▸ Task goal
All pictures must be dropped, while the entries are given again word for word.

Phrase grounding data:
----
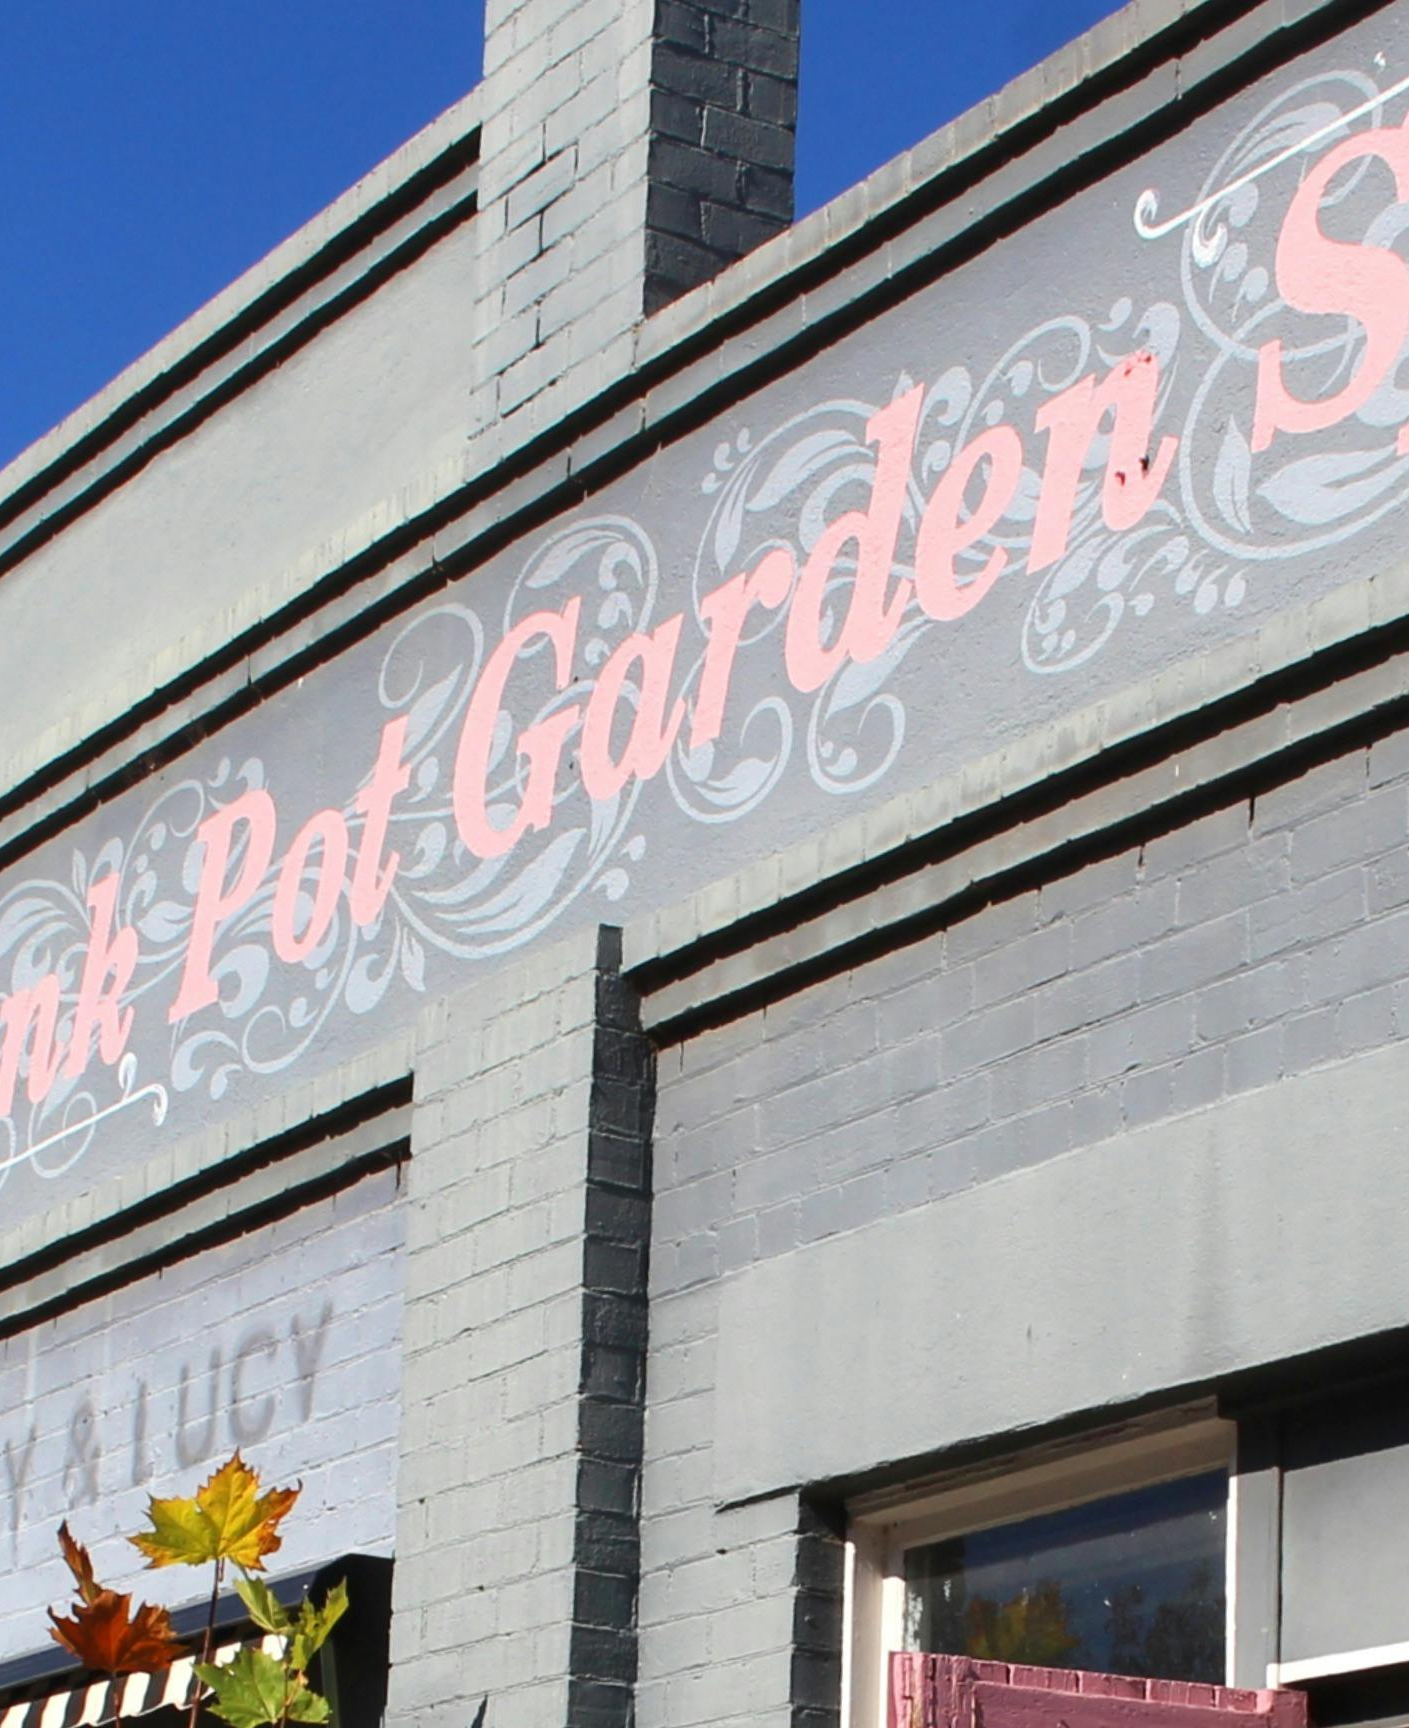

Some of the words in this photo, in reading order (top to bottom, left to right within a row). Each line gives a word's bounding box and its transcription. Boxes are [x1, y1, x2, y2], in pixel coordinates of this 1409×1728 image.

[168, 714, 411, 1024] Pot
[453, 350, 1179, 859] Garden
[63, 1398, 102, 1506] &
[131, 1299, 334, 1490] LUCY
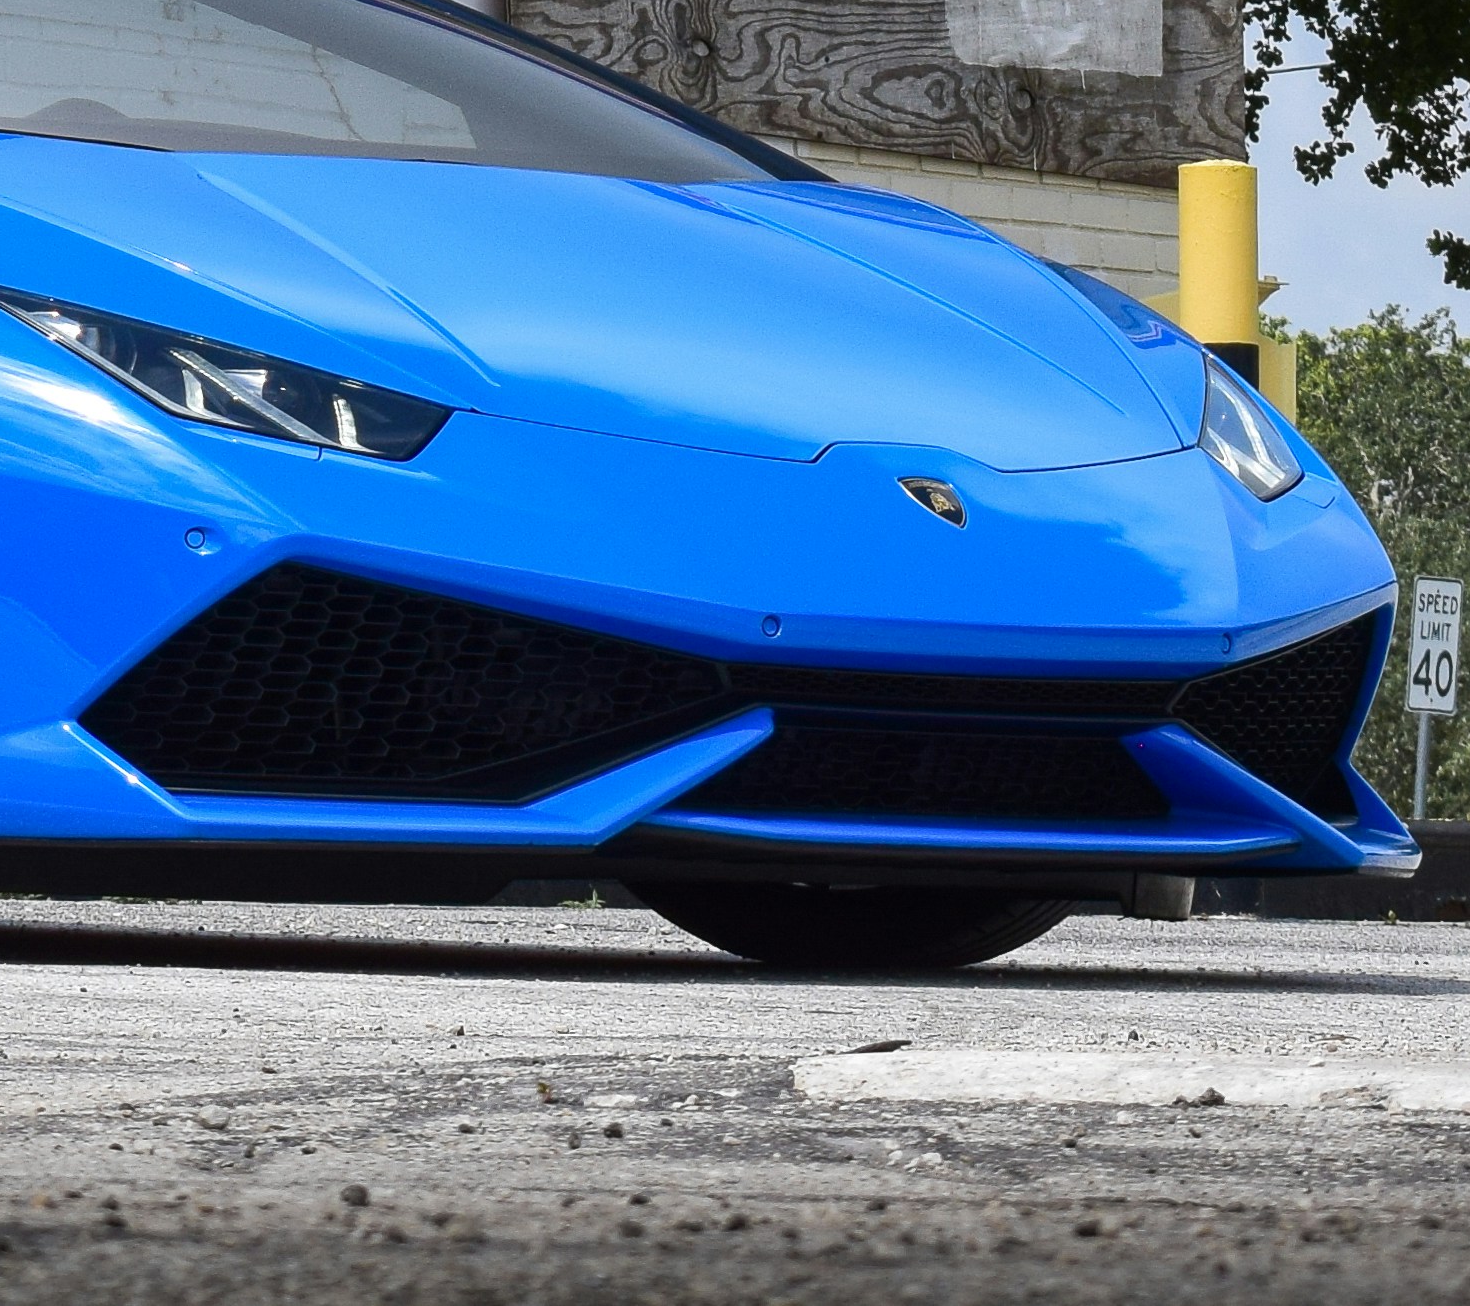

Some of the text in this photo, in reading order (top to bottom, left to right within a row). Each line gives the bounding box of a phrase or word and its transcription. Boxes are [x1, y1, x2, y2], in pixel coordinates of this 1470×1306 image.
----
▸ Solution for this task
Some of the words in this photo, in reading order (top to bottom, left to right within a row). Each line gives a word's bounding box and its transcription. Boxes are [x1, y1, x2, y2], in pixel coordinates of this 1409×1728 image.

[168, 714, 411, 1024] Pot
[453, 350, 1179, 859] Garden
[63, 1398, 102, 1506] &
[131, 1299, 334, 1490] LUCY

Some of the text in this photo, in reading order (top to bottom, left to right within a row). Each line gives the bounding box of a phrase or word and its transcription. Boxes are [x1, y1, x2, y2], in pixel coordinates of this 1470×1306 image.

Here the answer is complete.